Write the data out in full and word for word. Do not include images.

# Information shown
※ ※ ※

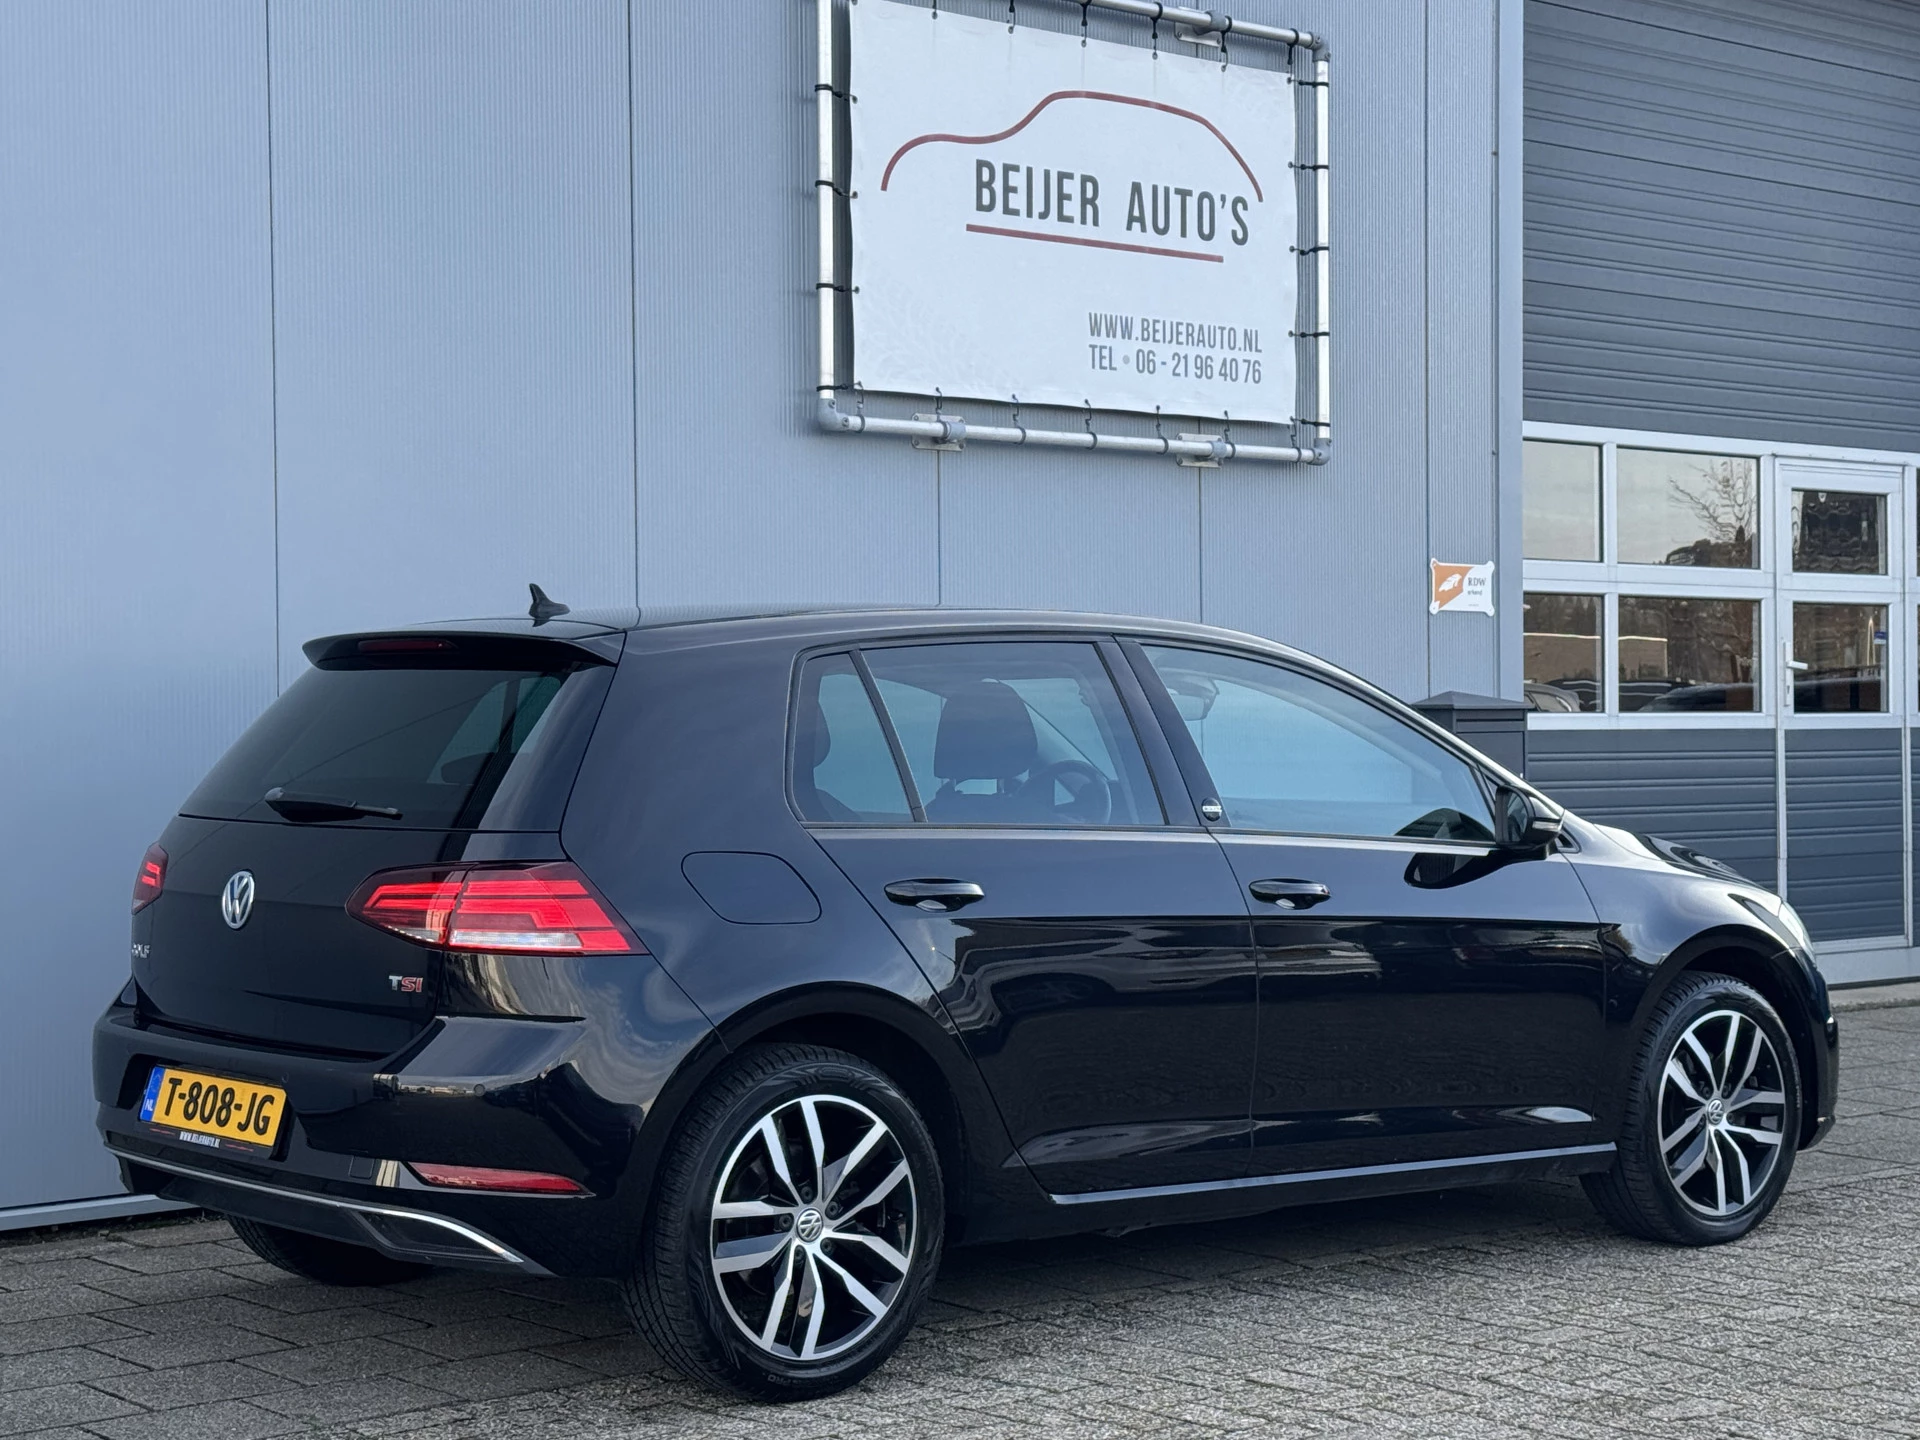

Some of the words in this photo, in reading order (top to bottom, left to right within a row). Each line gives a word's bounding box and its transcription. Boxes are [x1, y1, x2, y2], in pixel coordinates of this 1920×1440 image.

[975, 158, 1100, 227] BEIJER
[1126, 181, 1249, 246] AUTO'S
[1088, 312, 1263, 353] WWW.BEIJERAUTO.NL
[1088, 344, 1117, 371] TEL
[1135, 349, 1156, 375] 06
[1171, 352, 1188, 378] 21
[1194, 354, 1214, 380] 96
[1218, 357, 1239, 382] 40
[1242, 359, 1262, 384] 76
[388, 975, 424, 993] TSI
[145, 1098, 154, 1112] NL
[165, 1077, 275, 1136] T-808-JG
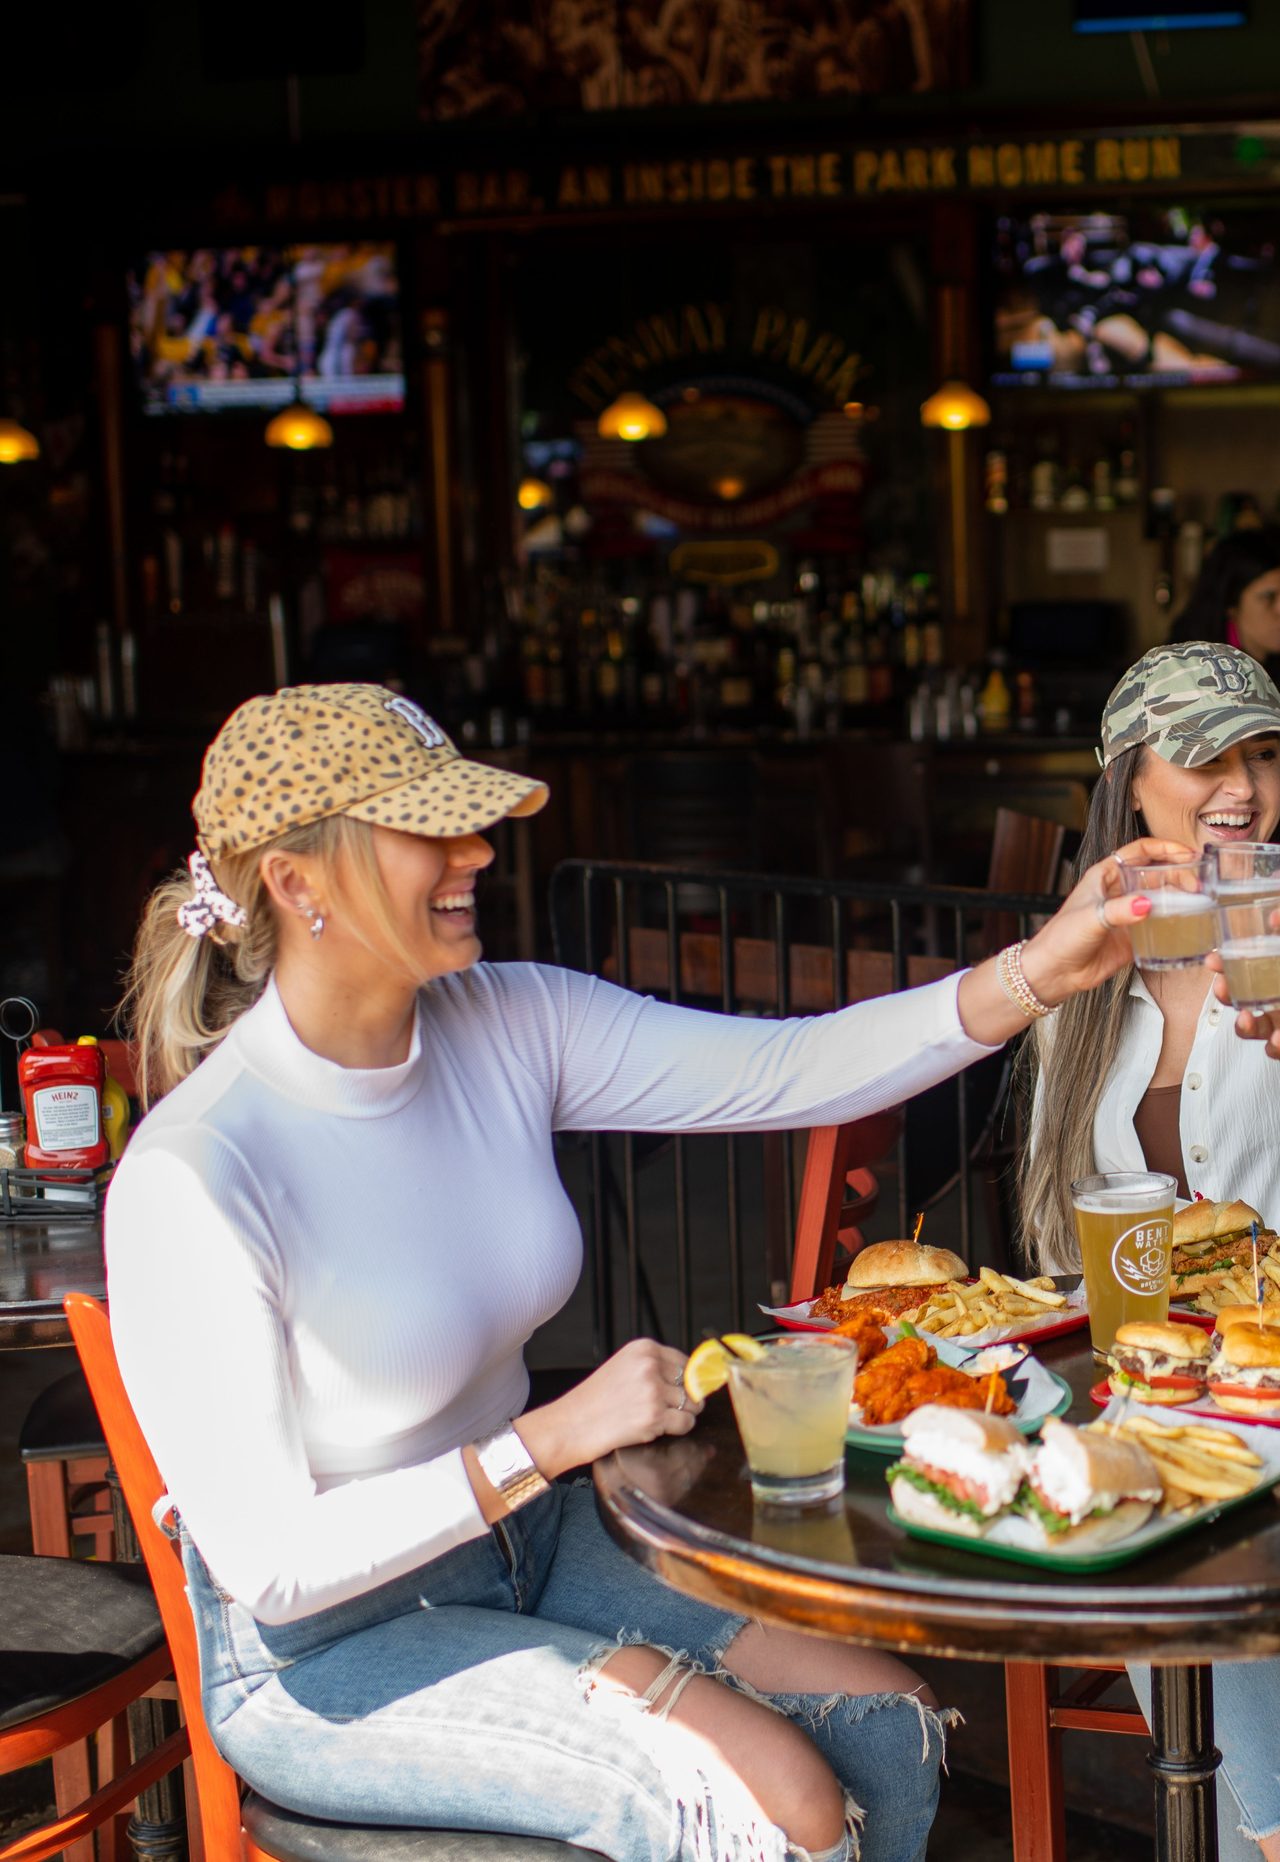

※ ※ ※

# Reply to the exercise
Some of the words in this photo, in reading order (top to bottom, left to right within a row). Each line gives a word's bounding box and its transcription. Boxes are [x1, y1, x2, y2], in pixel coordinates of this 1920×1440 image.

[975, 158, 1100, 227] BEIJER
[1126, 181, 1249, 246] AUTO'S
[1088, 312, 1263, 353] WWW.BEIJERAUTO.NL
[1088, 344, 1117, 371] TEL
[1135, 349, 1156, 375] 06
[1171, 352, 1188, 378] 21
[1194, 354, 1214, 380] 96
[1218, 357, 1239, 382] 40
[1242, 359, 1262, 384] 76
[388, 975, 424, 993] TSI
[145, 1098, 154, 1112] NL
[165, 1077, 275, 1136] T-808-JG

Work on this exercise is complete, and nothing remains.